Free-text object descriptions:
• • • • •

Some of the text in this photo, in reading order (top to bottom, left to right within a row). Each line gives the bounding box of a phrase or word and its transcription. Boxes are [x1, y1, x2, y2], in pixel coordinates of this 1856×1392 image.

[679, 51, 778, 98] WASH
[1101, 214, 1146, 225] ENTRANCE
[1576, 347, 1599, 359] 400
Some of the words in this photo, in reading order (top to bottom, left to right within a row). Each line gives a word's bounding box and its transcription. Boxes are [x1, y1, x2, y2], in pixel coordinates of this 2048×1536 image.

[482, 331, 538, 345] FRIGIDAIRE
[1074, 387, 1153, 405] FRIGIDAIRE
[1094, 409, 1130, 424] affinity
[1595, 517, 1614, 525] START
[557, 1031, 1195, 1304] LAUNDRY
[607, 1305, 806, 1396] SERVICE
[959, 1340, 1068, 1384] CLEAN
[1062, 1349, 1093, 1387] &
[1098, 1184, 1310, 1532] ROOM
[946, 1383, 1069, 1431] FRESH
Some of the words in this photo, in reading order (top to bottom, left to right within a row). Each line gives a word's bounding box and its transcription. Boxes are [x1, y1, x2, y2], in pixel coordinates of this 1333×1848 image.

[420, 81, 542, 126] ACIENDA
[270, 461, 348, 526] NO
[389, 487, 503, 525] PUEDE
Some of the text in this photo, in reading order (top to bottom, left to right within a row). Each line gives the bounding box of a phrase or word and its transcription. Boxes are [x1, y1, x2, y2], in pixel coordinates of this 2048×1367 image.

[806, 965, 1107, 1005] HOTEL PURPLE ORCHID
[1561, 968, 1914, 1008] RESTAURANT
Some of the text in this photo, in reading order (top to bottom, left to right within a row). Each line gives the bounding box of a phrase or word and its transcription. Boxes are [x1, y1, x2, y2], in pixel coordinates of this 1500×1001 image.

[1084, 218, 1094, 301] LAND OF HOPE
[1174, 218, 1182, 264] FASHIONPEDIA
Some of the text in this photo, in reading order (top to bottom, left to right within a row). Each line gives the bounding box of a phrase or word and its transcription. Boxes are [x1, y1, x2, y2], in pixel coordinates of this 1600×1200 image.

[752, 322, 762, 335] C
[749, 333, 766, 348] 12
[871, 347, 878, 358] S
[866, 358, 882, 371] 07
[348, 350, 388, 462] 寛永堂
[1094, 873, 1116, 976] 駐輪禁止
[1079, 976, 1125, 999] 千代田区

• • • • •

» About this task
Repeat, word for word, all of the data shown above.

» Response below
Some of the text in this photo, in reading order (top to bottom, left to right within a row). Each line gives the bounding box of a phrase or word and its transcription. Boxes are [x1, y1, x2, y2], in pixel coordinates of this 1856×1392 image.

[679, 51, 778, 98] WASH
[1101, 214, 1146, 225] ENTRANCE
[1576, 347, 1599, 359] 400
Some of the words in this photo, in reading order (top to bottom, left to right within a row). Each line gives a word's bounding box and its transcription. Boxes are [x1, y1, x2, y2], in pixel coordinates of this 2048×1536 image.

[482, 331, 538, 345] FRIGIDAIRE
[1074, 387, 1153, 405] FRIGIDAIRE
[1094, 409, 1130, 424] affinity
[1595, 517, 1614, 525] START
[557, 1031, 1195, 1304] LAUNDRY
[607, 1305, 806, 1396] SERVICE
[959, 1340, 1068, 1384] CLEAN
[1062, 1349, 1093, 1387] &
[1098, 1184, 1310, 1532] ROOM
[946, 1383, 1069, 1431] FRESH
Some of the words in this photo, in reading order (top to bottom, left to right within a row). Each line gives a word's bounding box and its transcription. Boxes are [x1, y1, x2, y2], in pixel coordinates of this 1333×1848 image.

[420, 81, 542, 126] ACIENDA
[270, 461, 348, 526] NO
[389, 487, 503, 525] PUEDE
Some of the text in this photo, in reading order (top to bottom, left to right within a row). Each line gives the bounding box of a phrase or word and its transcription. Boxes are [x1, y1, x2, y2], in pixel coordinates of this 2048×1367 image.

[806, 965, 1107, 1005] HOTEL PURPLE ORCHID
[1561, 968, 1914, 1008] RESTAURANT
Some of the text in this photo, in reading order (top to bottom, left to right within a row). Each line gives the bounding box of a phrase or word and its transcription. Boxes are [x1, y1, x2, y2], in pixel coordinates of this 1500×1001 image.

[1084, 218, 1094, 301] LAND OF HOPE
[1174, 218, 1182, 264] FASHIONPEDIA
Some of the text in this photo, in reading order (top to bottom, left to right within a row). Each line gives the bounding box of a phrase or word and its transcription. Boxes are [x1, y1, x2, y2], in pixel coordinates of this 1600×1200 image.

[752, 322, 762, 335] C
[749, 333, 766, 348] 12
[871, 347, 878, 358] S
[866, 358, 882, 371] 07
[348, 350, 388, 462] 寛永堂
[1094, 873, 1116, 976] 駐輪禁止
[1079, 976, 1125, 999] 千代田区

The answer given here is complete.